* [PROVIDED RECORDS]:
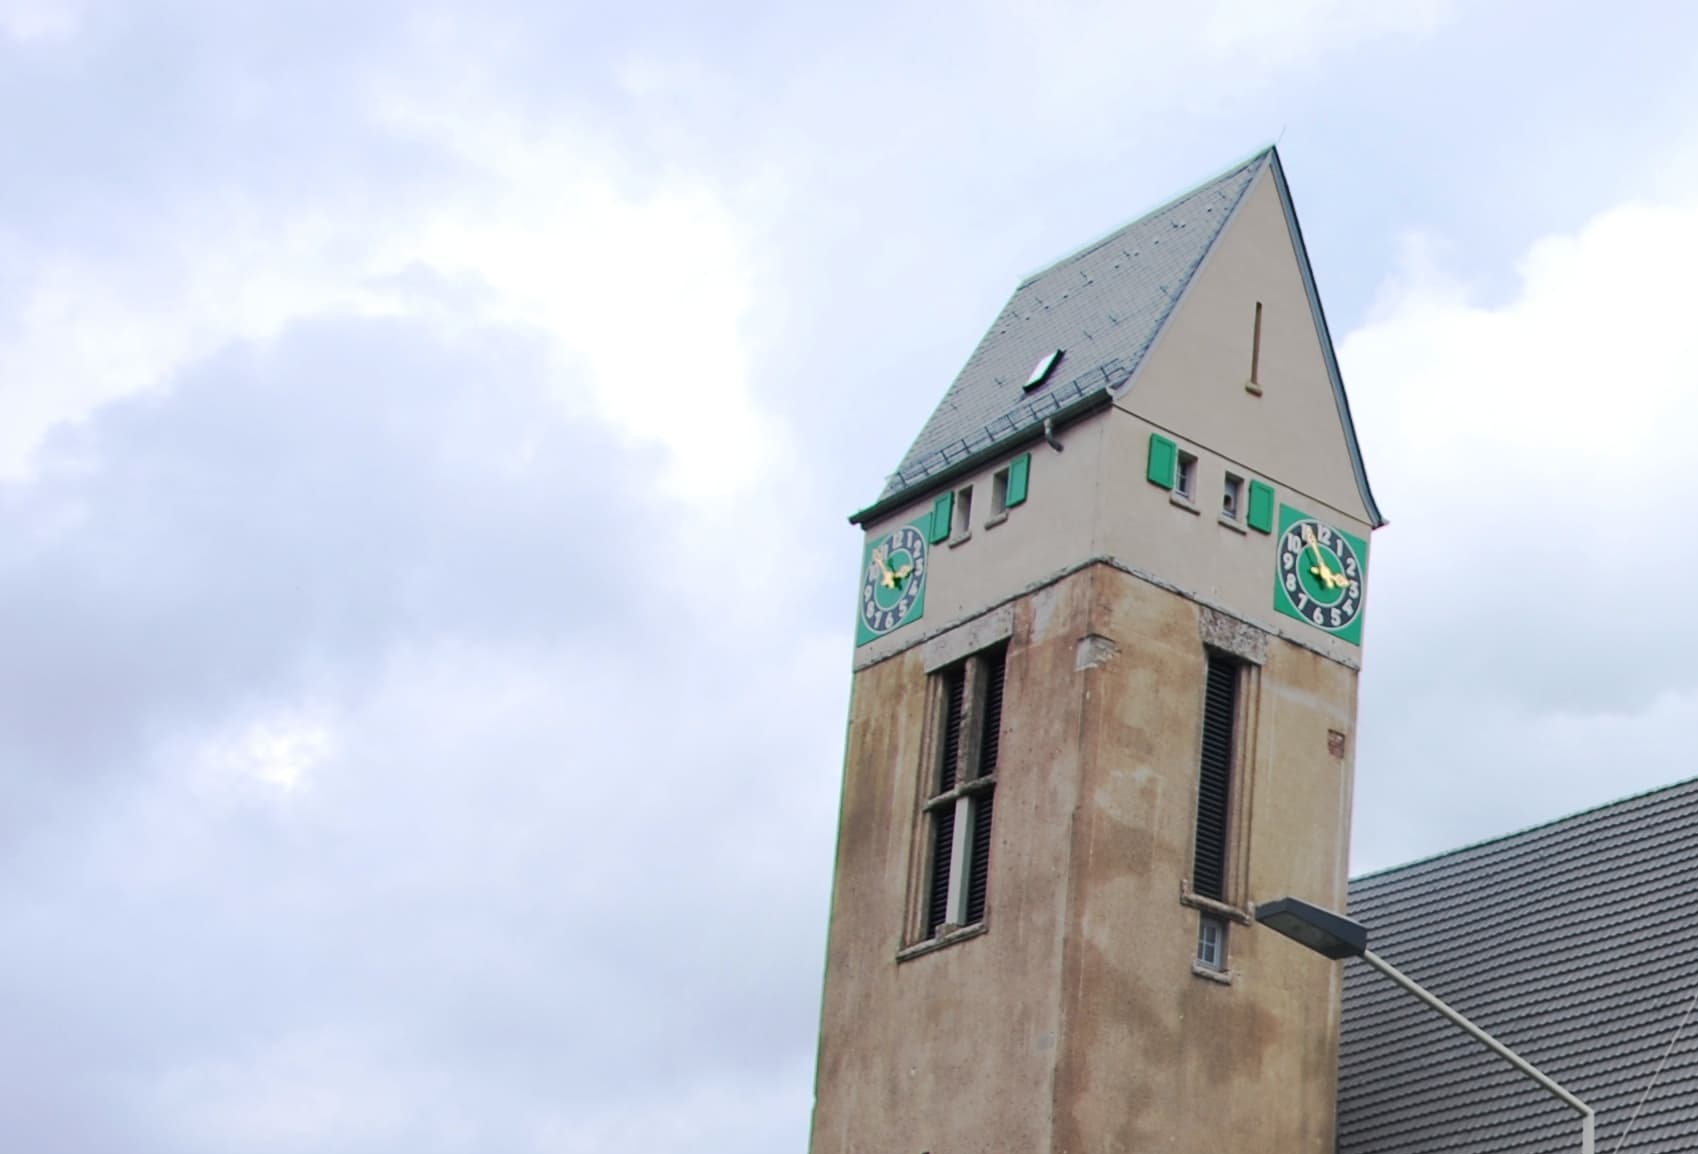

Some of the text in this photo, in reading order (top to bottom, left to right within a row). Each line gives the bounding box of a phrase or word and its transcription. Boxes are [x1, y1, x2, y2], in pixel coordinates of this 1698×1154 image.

[1287, 532, 1301, 554] 10
[1317, 524, 1331, 545] 12
[1336, 539, 1343, 557] 1
[1283, 552, 1293, 570] 9
[1346, 557, 1356, 577] 2
[1286, 573, 1296, 592] 8
[1348, 580, 1359, 599] 3
[1298, 593, 1308, 610] 7
[1342, 598, 1354, 616] 4
[1313, 607, 1324, 625] 6
[1330, 607, 1341, 627] 5

* [ACTIVITY]:
Your job is to transcribe the records exactly and in full. Pictures are not part of the copy.

* [FINAL ANSWER]:
Some of the text in this photo, in reading order (top to bottom, left to right within a row). Each line gives the bounding box of a phrase or word and its transcription. Boxes are [x1, y1, x2, y2], in pixel coordinates of this 1698×1154 image.

[1287, 532, 1301, 554] 10
[1317, 524, 1331, 545] 12
[1336, 539, 1343, 557] 1
[1283, 552, 1293, 570] 9
[1346, 557, 1356, 577] 2
[1286, 573, 1296, 592] 8
[1348, 580, 1359, 599] 3
[1298, 593, 1308, 610] 7
[1342, 598, 1354, 616] 4
[1313, 607, 1324, 625] 6
[1330, 607, 1341, 627] 5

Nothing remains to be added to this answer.